Raquel is interested in studying the immune cells that are lodged in the human intestinal mucosa at single-cell resolution. After obtaining her degree in Biotechnology at the University of Salamanca (Spain), Raquel worked at the Cancer Research Center in Salamanca and completed her MSc studies. While working in this project, she realized research stays at the lab of Prof. Fritjof Lund-Johansen at the University of Oslo, where she acquired experience in novel multiplex bead-based immunoassays for large scale proteomic analysis. Then, Raquel went on to do her PhD in Prof. Frode Jahnsen’s lab at the Faculty of Medicine, University of Oslo. Her PhD work was focused on the longevity of the adaptive immune cell compartment in the human small intestine, with special focus on characterizing resident memory CD8+ and CD4+ T cells. Raquel obtained a Three-year Researcher Project grant with International Mobility from the Research Council of Norway and recently joined the Teichmann lab at Wellcome Sanger Institute (Cambridge, UK). She is currently studying the development and long-term maintenance of resident memory T cells in the human gut using single-cell multi-omics approaches.

Madeleine Chouliara (Postdoc)

Madeleine got a BSc in Physics from the University of Athens and an MSc in Applied Physics with a specialization in Photonics and Quantum Optics from the University of Strathclyde. She will receive her Ph.D. in Physical Chemistry from Lund University in September 2022. During her PhD, she studied the binding kinetics of protein-protein interactions between receptors presented on the surface of T cells and protein-functionalized supported lipid bilayers using fluorescence microscopy. She has also worked as an early-stage researcher at the University of Murcia where she developed optical systems in the field of adaptive optics for biomedical applications while collaborating with Zeiss. After that, she worked as a research assistant at the Technical University of Denmark in the development of optical trapping systems for drug delivery purposes in partnership with Novo Nordisk. 
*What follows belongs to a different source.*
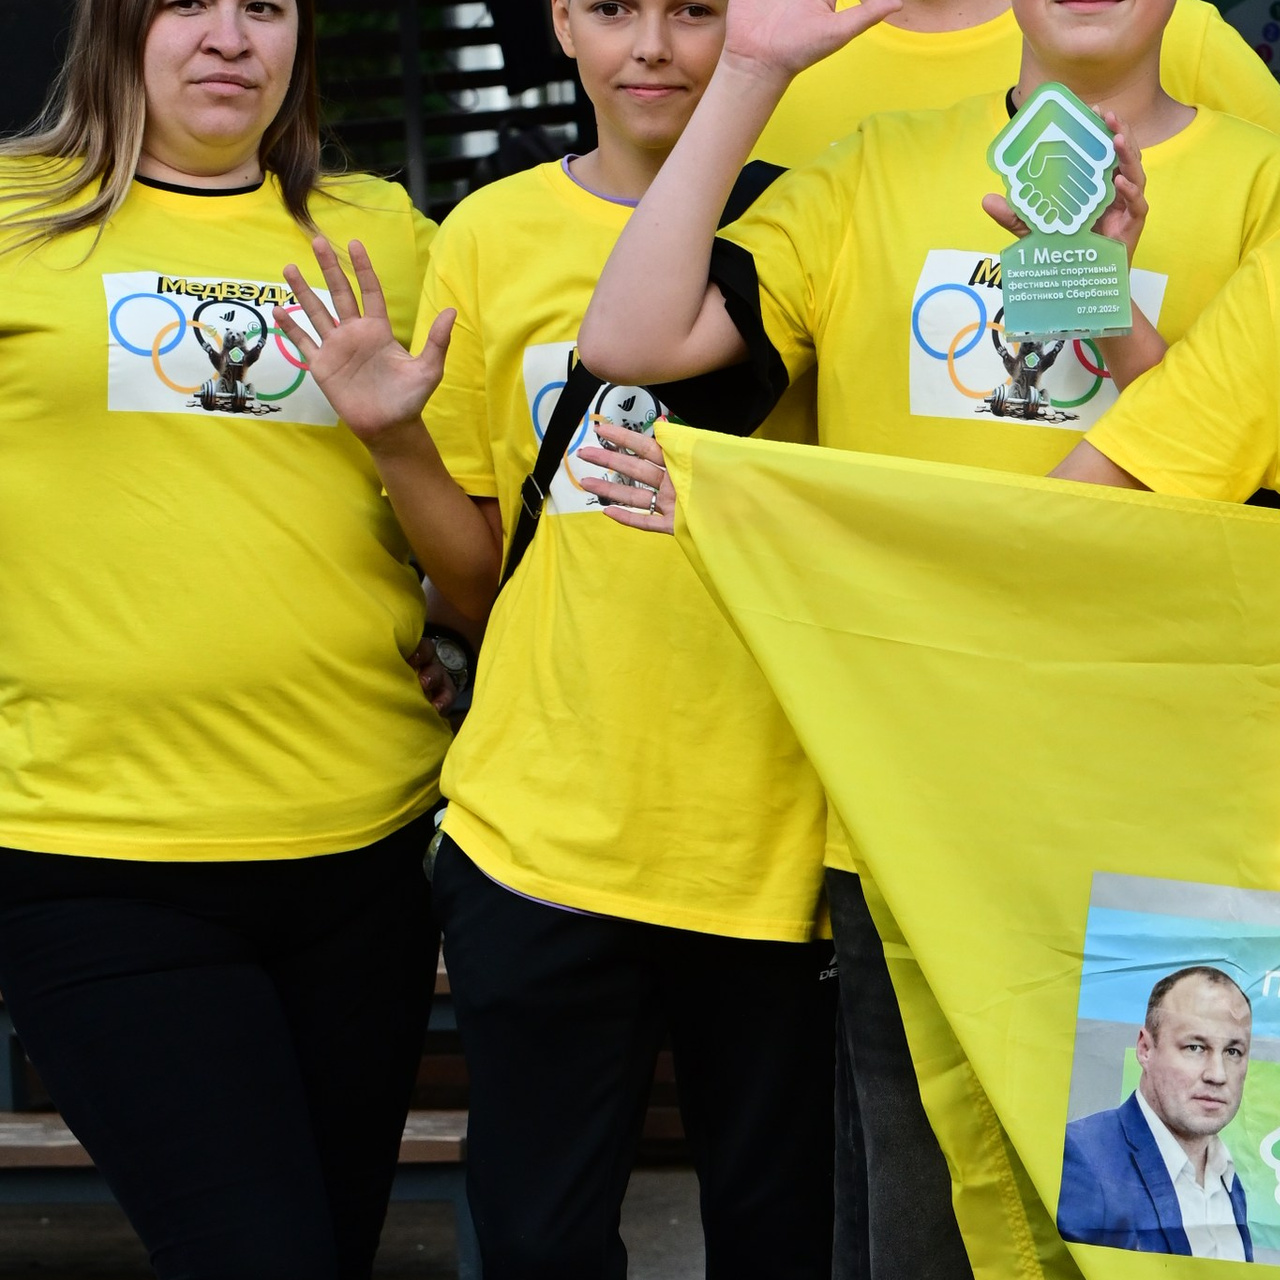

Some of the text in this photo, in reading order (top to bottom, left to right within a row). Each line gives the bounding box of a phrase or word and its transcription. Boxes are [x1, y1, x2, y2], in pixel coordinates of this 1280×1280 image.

Diana Domanska (Researcher)

Diana is a bioinformatician and matematician. She received her PhD in computer science from University of Silesia in Katowice (Poland) in 2014. After PhD, she did her postdoc at the University in Oslo in Biomedical Informatics. She worked on statistical analysis of genomics data, interactive visualizations and method development for genome-wide studies. She joined the lab in 2019, where she started working with single cell data and spatial transcriptomics. Current interests are in methods development for genomic data and their analysis.
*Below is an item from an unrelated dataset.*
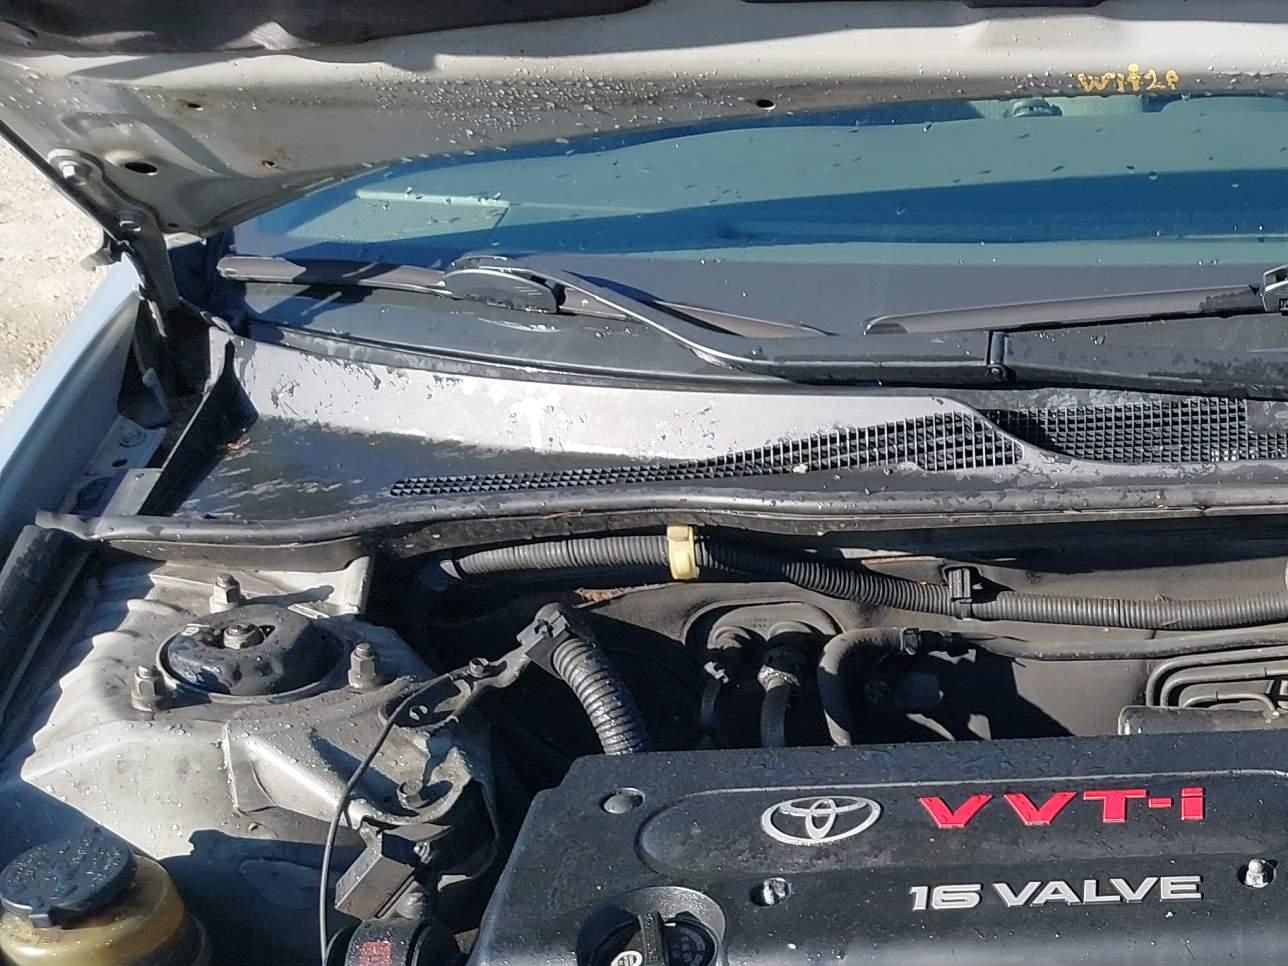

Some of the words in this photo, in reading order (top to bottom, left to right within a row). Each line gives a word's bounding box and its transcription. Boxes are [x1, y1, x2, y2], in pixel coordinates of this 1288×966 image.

[918, 787, 1206, 829] VVT-i
[908, 883, 983, 911] 16
[992, 875, 1203, 908] VALVE
Kjersti Thorvaldsen Hagen (Laboratory Scientist)

Kjersti is a biomedical laboratory scientist from Oslo Metropolitan University, and Kjersti joined the lab in 2008. Her main expertise is immunohistochemistry- and immunofluorescence methods. She also has genuine interests in molecular biology, especially in the working methods in single cell technologies.
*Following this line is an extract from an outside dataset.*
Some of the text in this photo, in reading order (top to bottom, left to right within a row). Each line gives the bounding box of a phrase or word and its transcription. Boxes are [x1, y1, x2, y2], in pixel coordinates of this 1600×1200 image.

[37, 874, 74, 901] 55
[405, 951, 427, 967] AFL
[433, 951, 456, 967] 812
Hanna Johannessen (PhD student)

Hanna joined the lab in February 2021 after completing her medical studies at the University of Oslo. Hanna is interested in the development of the mucosal immune system in the gut and in her PhD project she studies the relationship between the enteric nervous system and the immune system of children with Hirschsprungs disease. Her studies also include clinical aspects of Hirschsprungs disease, and she has collaborate closely with the pediatric surgeons at Oslo University Hospital.

Victoria Therese Karlsen (PhD student)

Victoria joined the lab in 2019 for her Master’s project, characterizing macrophages in the human colonic mucosa, and is now a PhD candidate in the group. Victoria is interested in the human intestinal immune system and in her PhD project she aims to identify molecular hubs and signaling pathways in the tumor microenvironment of colorectal liver metastases that are targetable for anti-cancer treatment.